Start of Block

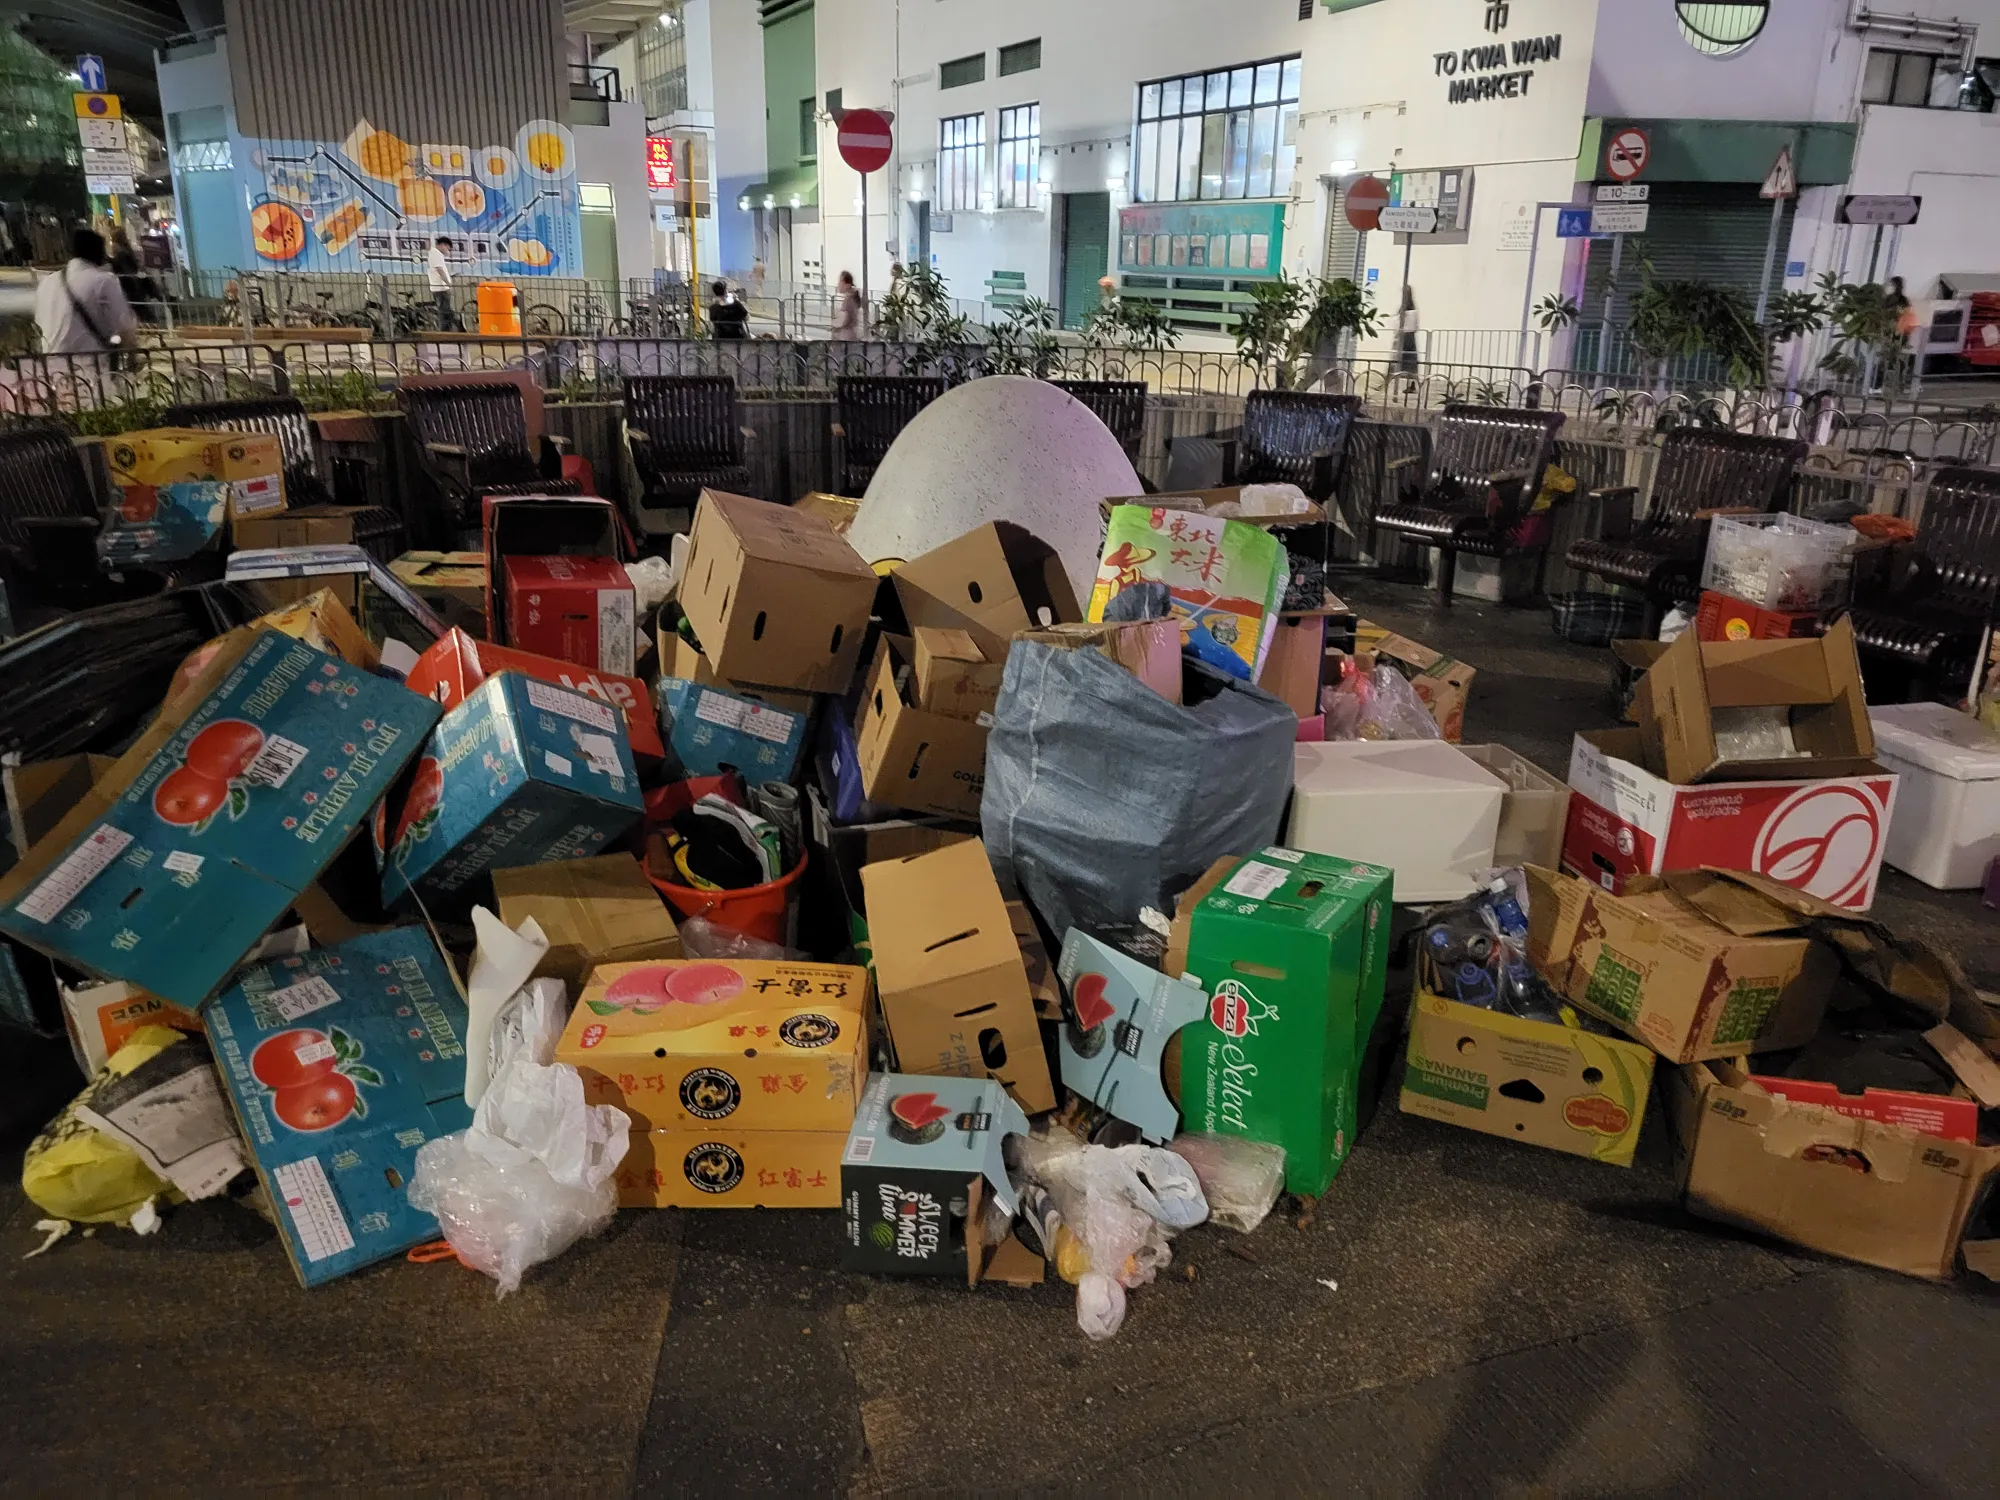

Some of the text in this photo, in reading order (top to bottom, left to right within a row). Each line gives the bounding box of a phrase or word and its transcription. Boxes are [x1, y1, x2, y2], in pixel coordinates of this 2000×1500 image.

[1433, 34, 1561, 77] TO KWA WAN
[1448, 70, 1534, 105] MARKET
[1385, 209, 1406, 217] Kowloon
[1406, 210, 1417, 218] City
[241, 671, 290, 722] APPLE
[366, 722, 402, 757] FU
[294, 771, 360, 846] APPLE
[392, 955, 425, 985] FU
[414, 1003, 464, 1059] APPLE
[1225, 982, 1237, 1032] enza
[1207, 1041, 1219, 1066] New
[1413, 1055, 1489, 1086] BANANAS
[1206, 1066, 1218, 1109] Zealand
[1221, 1040, 1259, 1131] Select
[1422, 1074, 1486, 1099] Premium
[879, 1184, 903, 1222] time
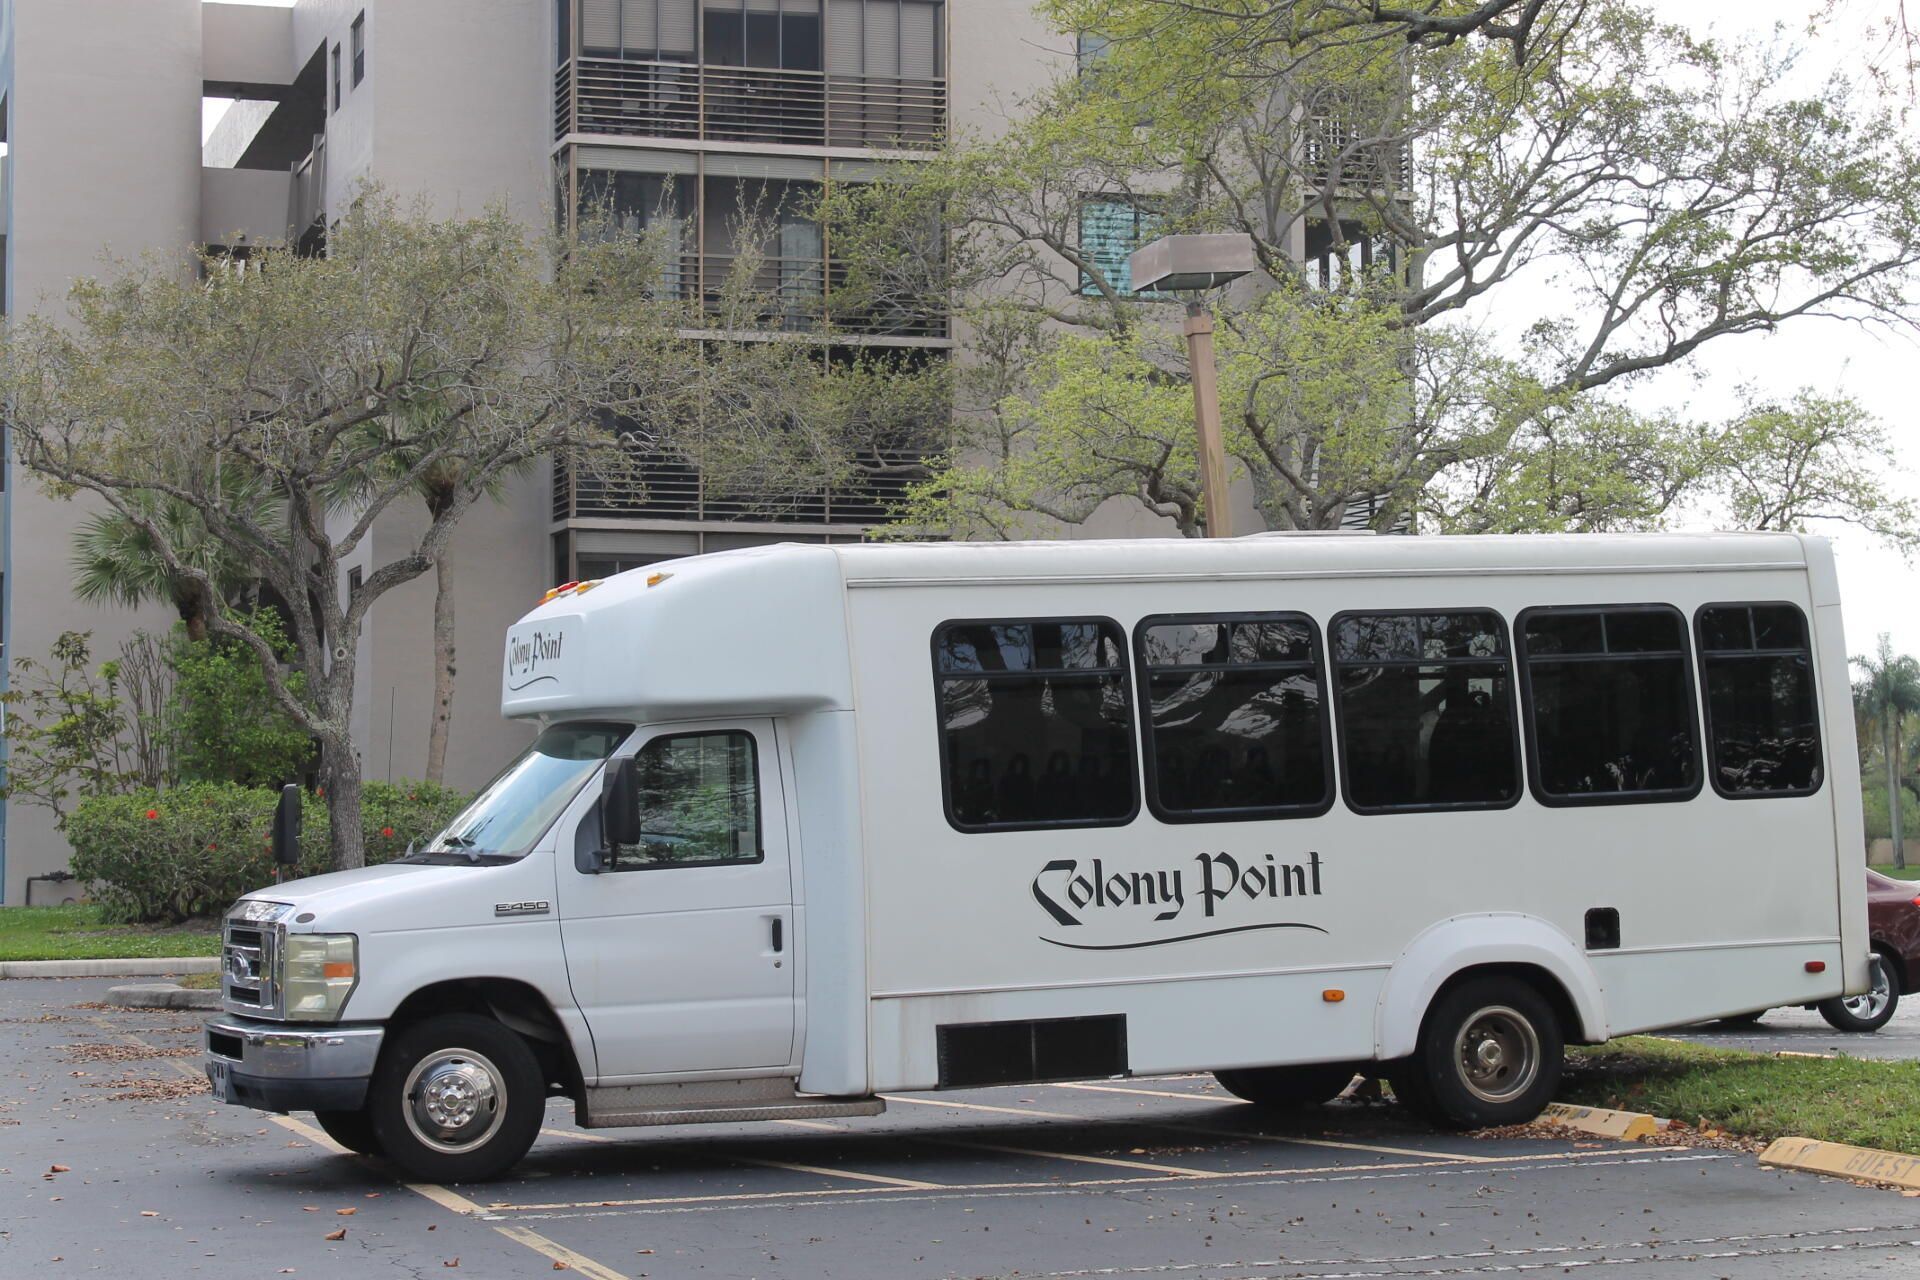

End of Block

TASK DIRECTIONS: Give back the material above exactly as it appears, minus any picture.

FINISHED TASK:
Some of the text in this photo, in reading order (top to bottom, left to right within a row). Each line gives the bounding box of a phrase or word and its transcription. Boxes are [x1, y1, x2, y2], in pixel coordinates of this 2000×1500 image.

[1433, 34, 1561, 77] TO KWA WAN
[1448, 70, 1534, 105] MARKET
[1385, 209, 1406, 217] Kowloon
[1406, 210, 1417, 218] City
[241, 671, 290, 722] APPLE
[366, 722, 402, 757] FU
[294, 771, 360, 846] APPLE
[392, 955, 425, 985] FU
[414, 1003, 464, 1059] APPLE
[1225, 982, 1237, 1032] enza
[1207, 1041, 1219, 1066] New
[1413, 1055, 1489, 1086] BANANAS
[1206, 1066, 1218, 1109] Zealand
[1221, 1040, 1259, 1131] Select
[1422, 1074, 1486, 1099] Premium
[879, 1184, 903, 1222] time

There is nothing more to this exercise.